Aim of the task
Take the line that contains "this 2212×1659 image." and every line after it in the material below, and quote them exactly.

Available records
---------------

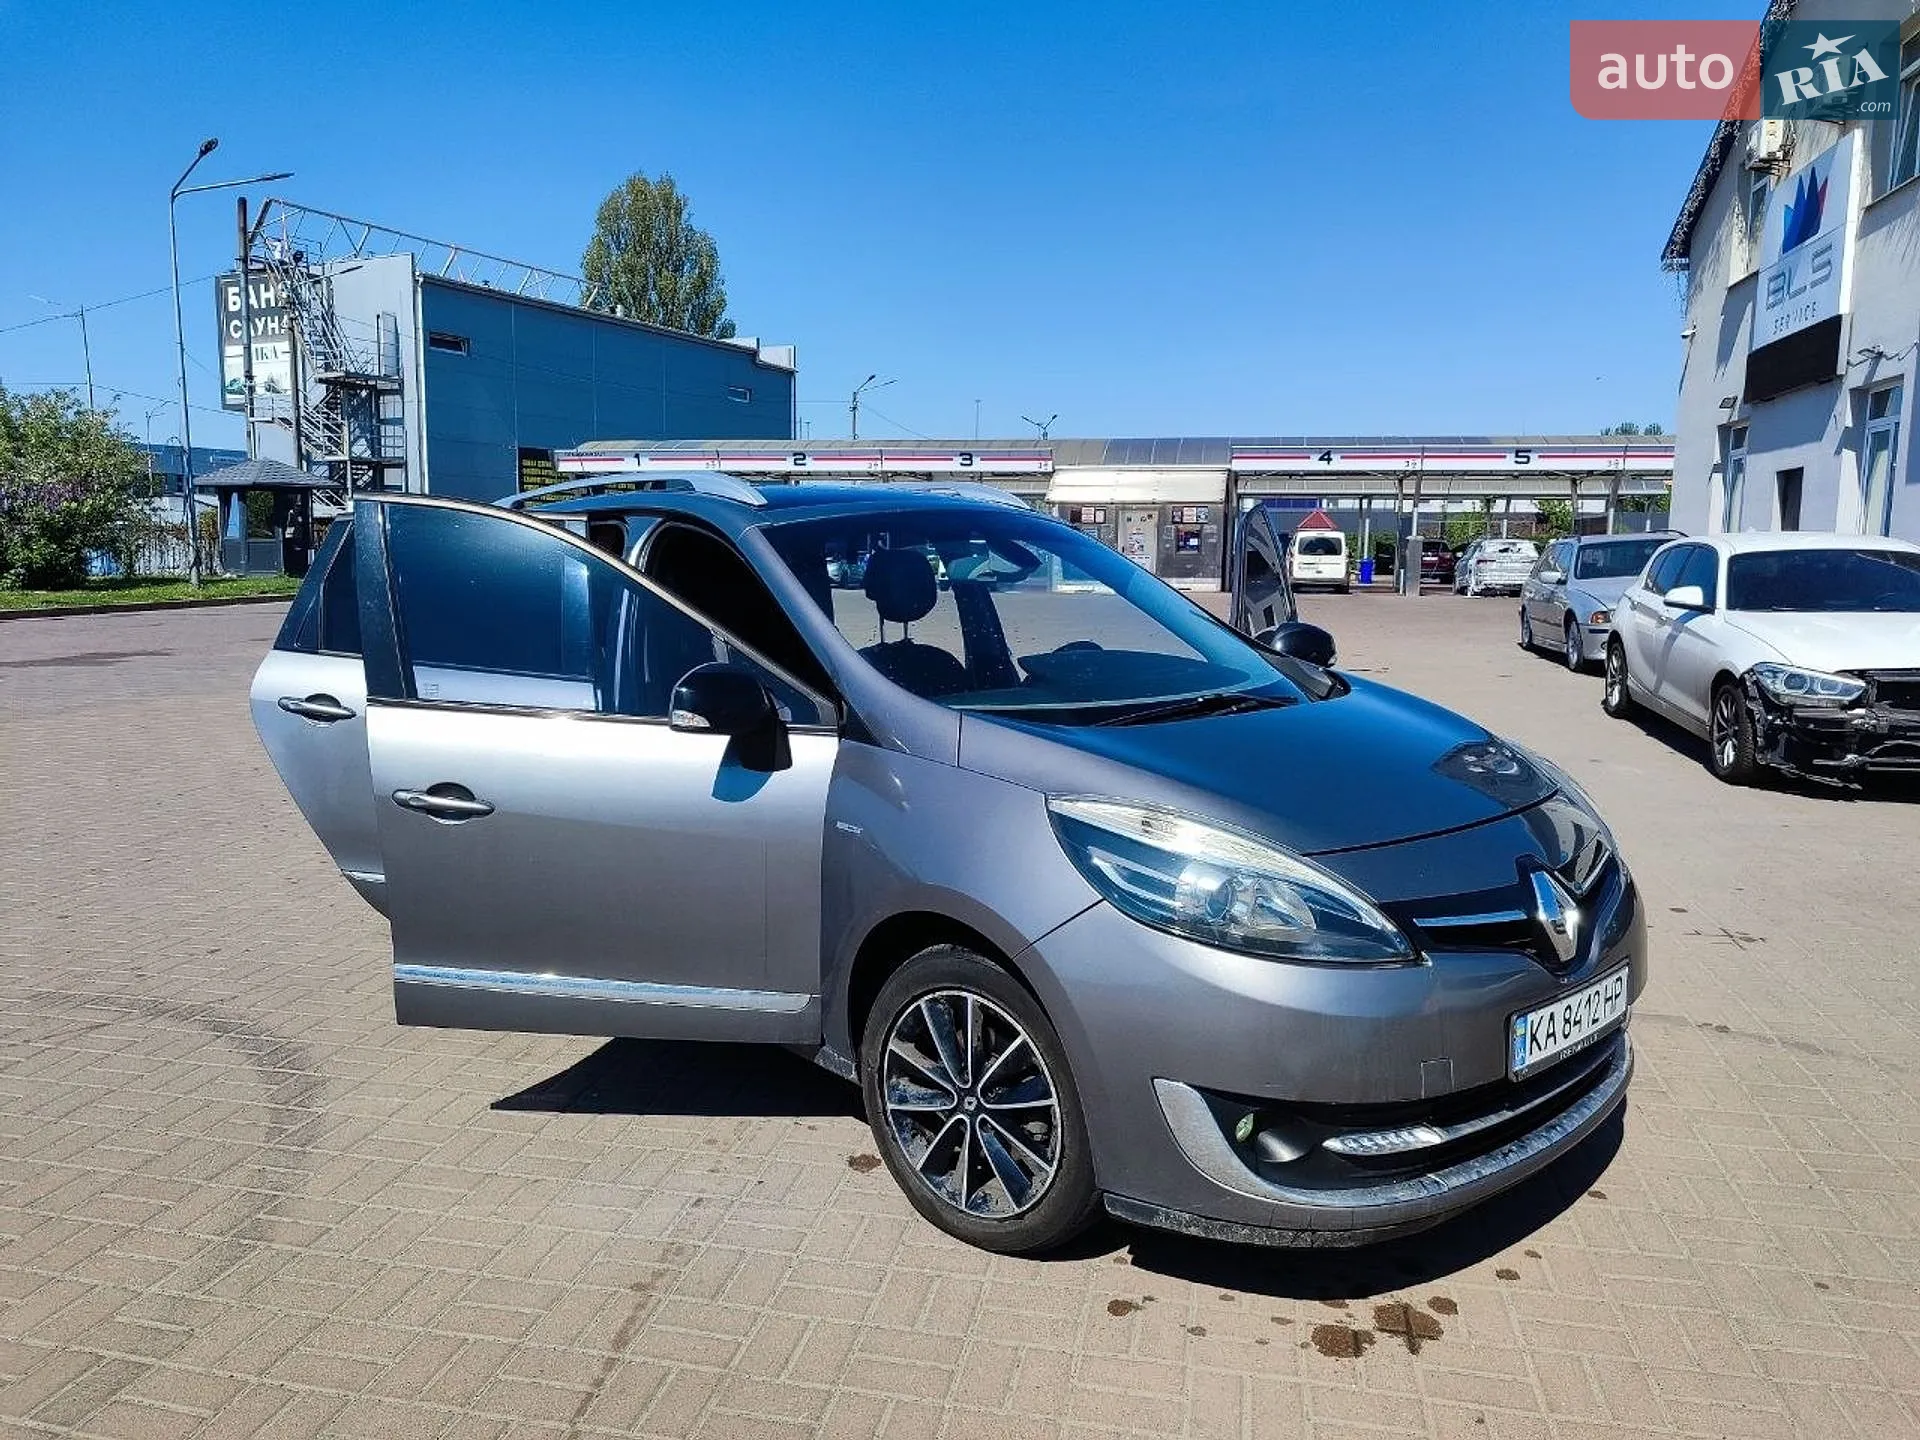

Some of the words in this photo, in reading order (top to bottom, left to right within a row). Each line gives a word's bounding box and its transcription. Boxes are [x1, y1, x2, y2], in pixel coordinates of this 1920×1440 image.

[1772, 301, 1817, 335] SERVICE
[634, 453, 641, 467] 1
[793, 452, 807, 466] 2
[959, 453, 974, 466] 3
[1318, 450, 1333, 465] 4
[1514, 450, 1532, 464] 5
[1528, 1011, 1557, 1055] KA
[1562, 990, 1600, 1039] 8412
[1603, 975, 1623, 1018] HP
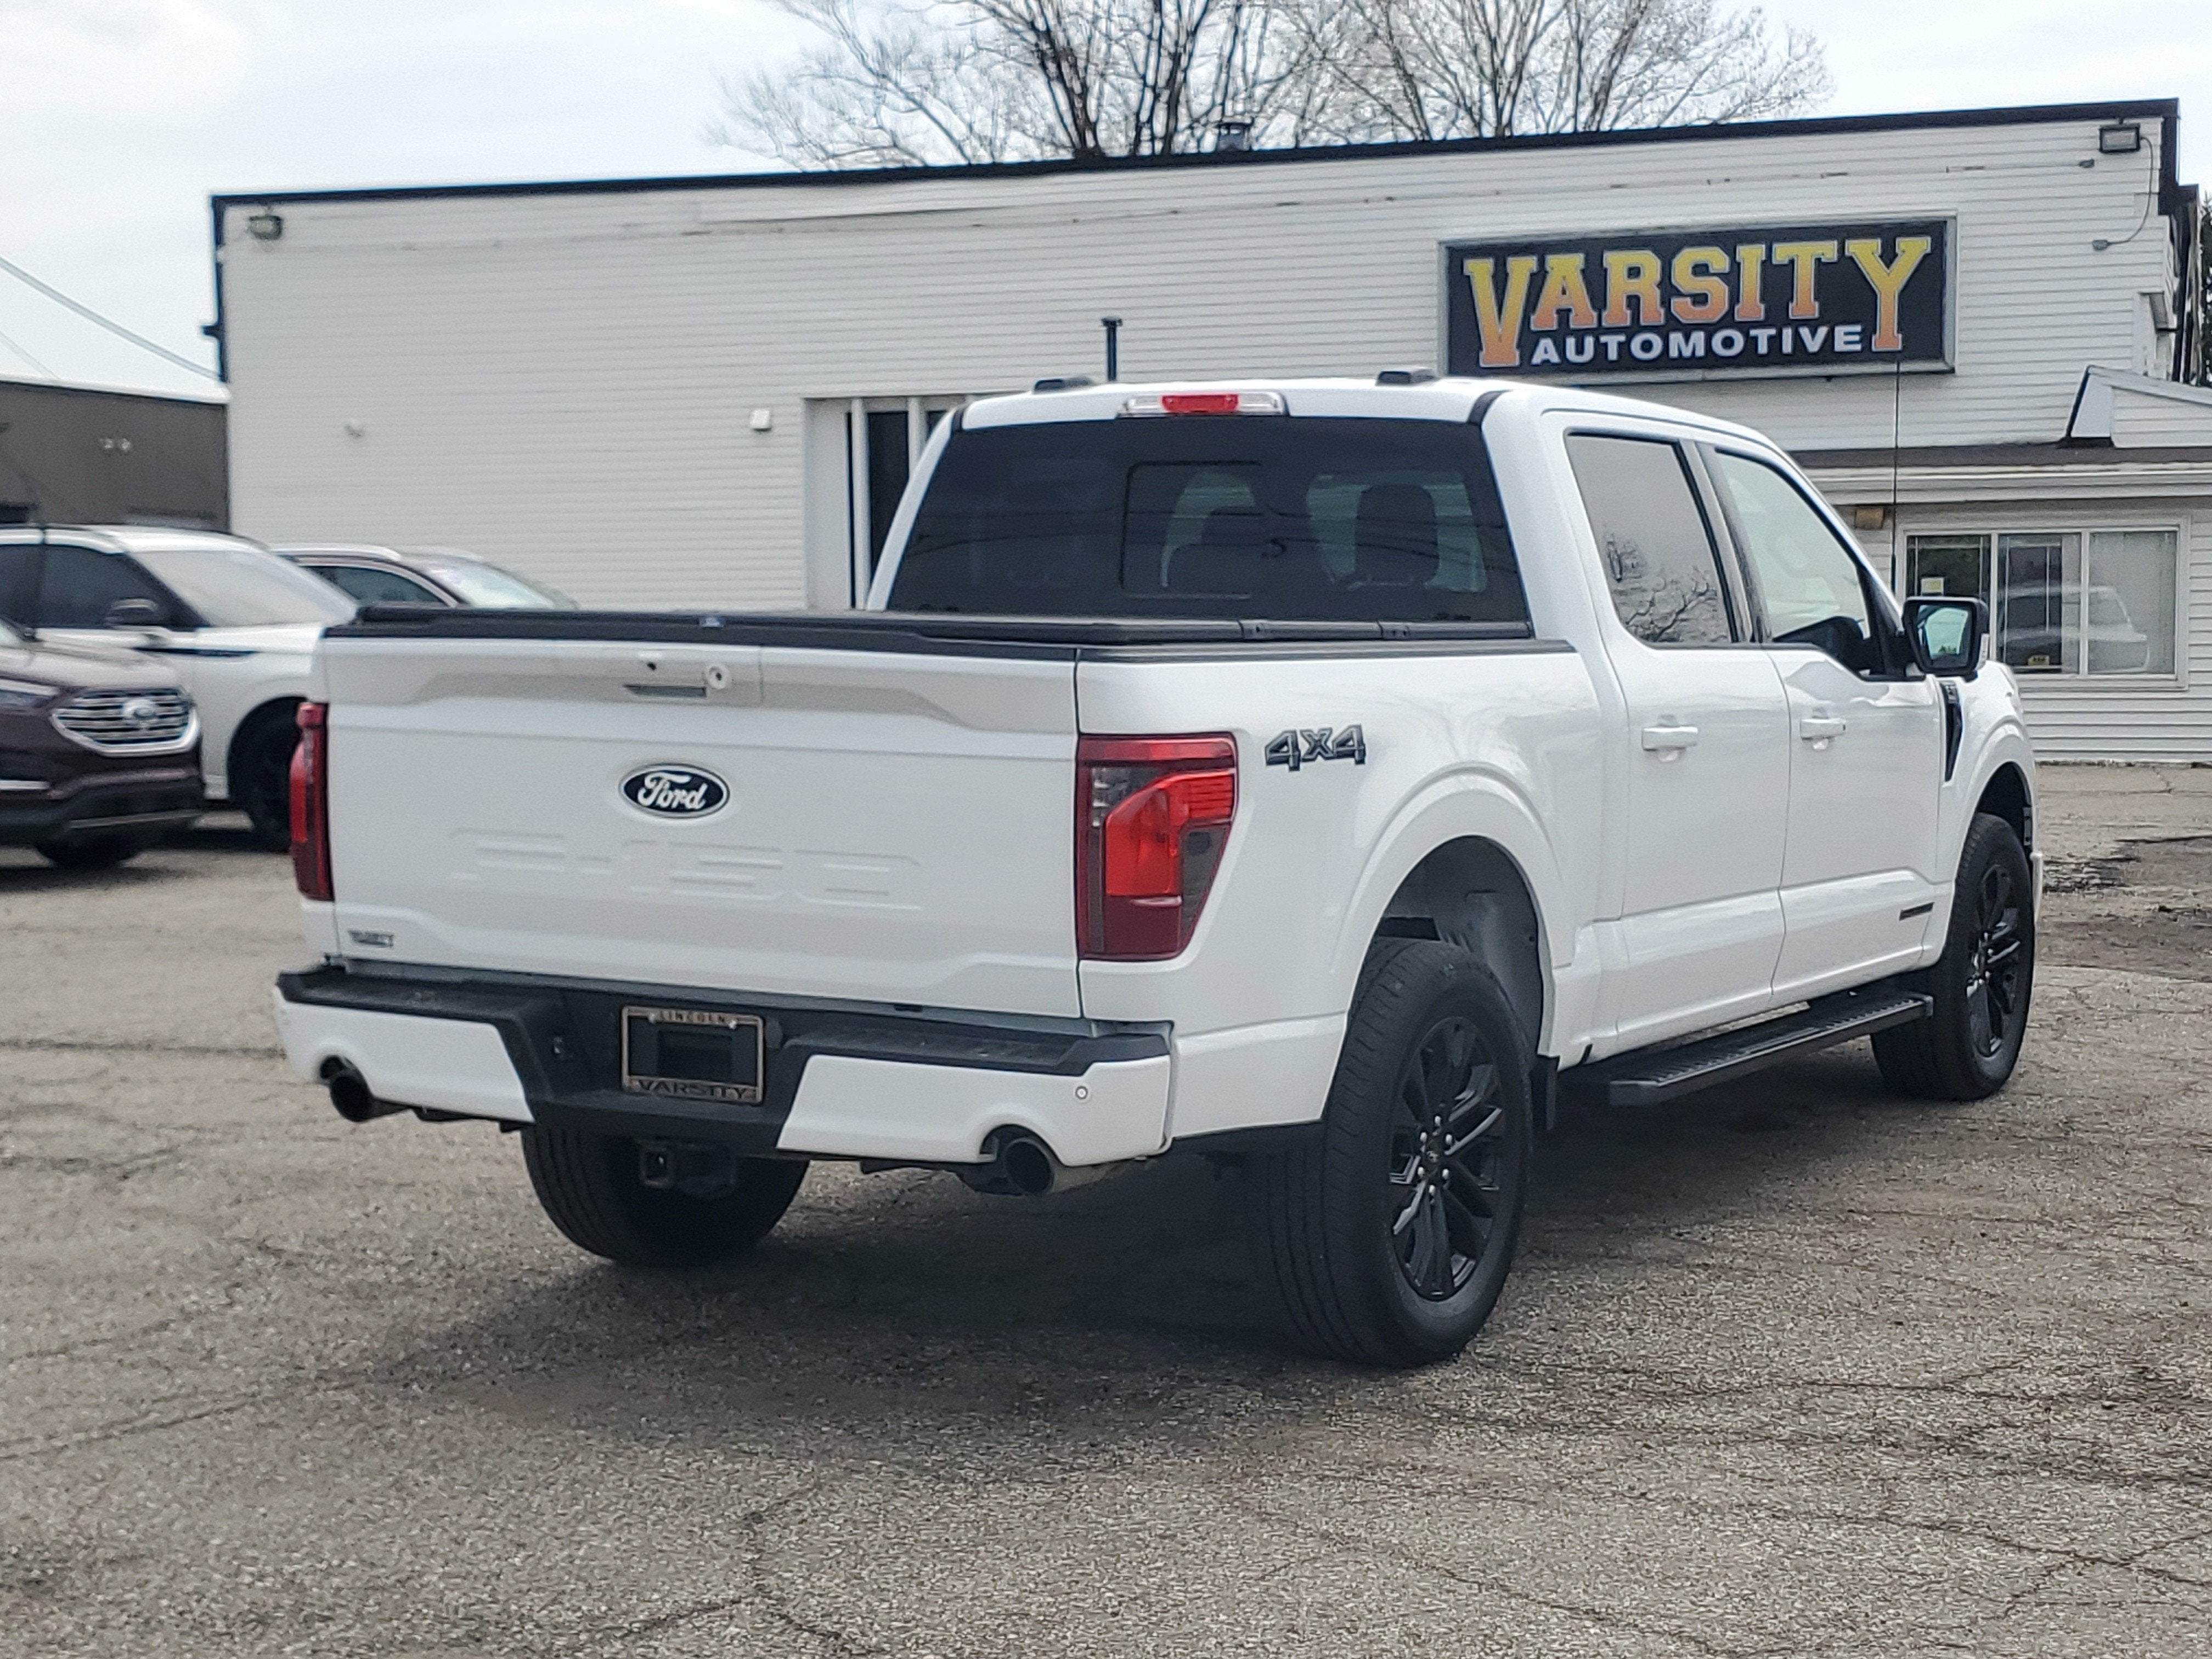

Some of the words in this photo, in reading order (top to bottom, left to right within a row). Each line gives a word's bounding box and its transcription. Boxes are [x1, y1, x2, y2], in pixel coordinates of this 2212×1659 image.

[1463, 236, 1931, 368] VARSITY
[1531, 325, 1863, 365] AUTOMOTIVE
[637, 772, 708, 809] Ford
[639, 1079, 747, 1099] VARSITY

---------------

Response to this exercise
Some of the words in this photo, in reading order (top to bottom, left to right within a row). Each line gives a word's bounding box and its transcription. Boxes are [x1, y1, x2, y2], in pixel coordinates of this 2212×1659 image.

[1463, 236, 1931, 368] VARSITY
[1531, 325, 1863, 365] AUTOMOTIVE
[637, 772, 708, 809] Ford
[639, 1079, 747, 1099] VARSITY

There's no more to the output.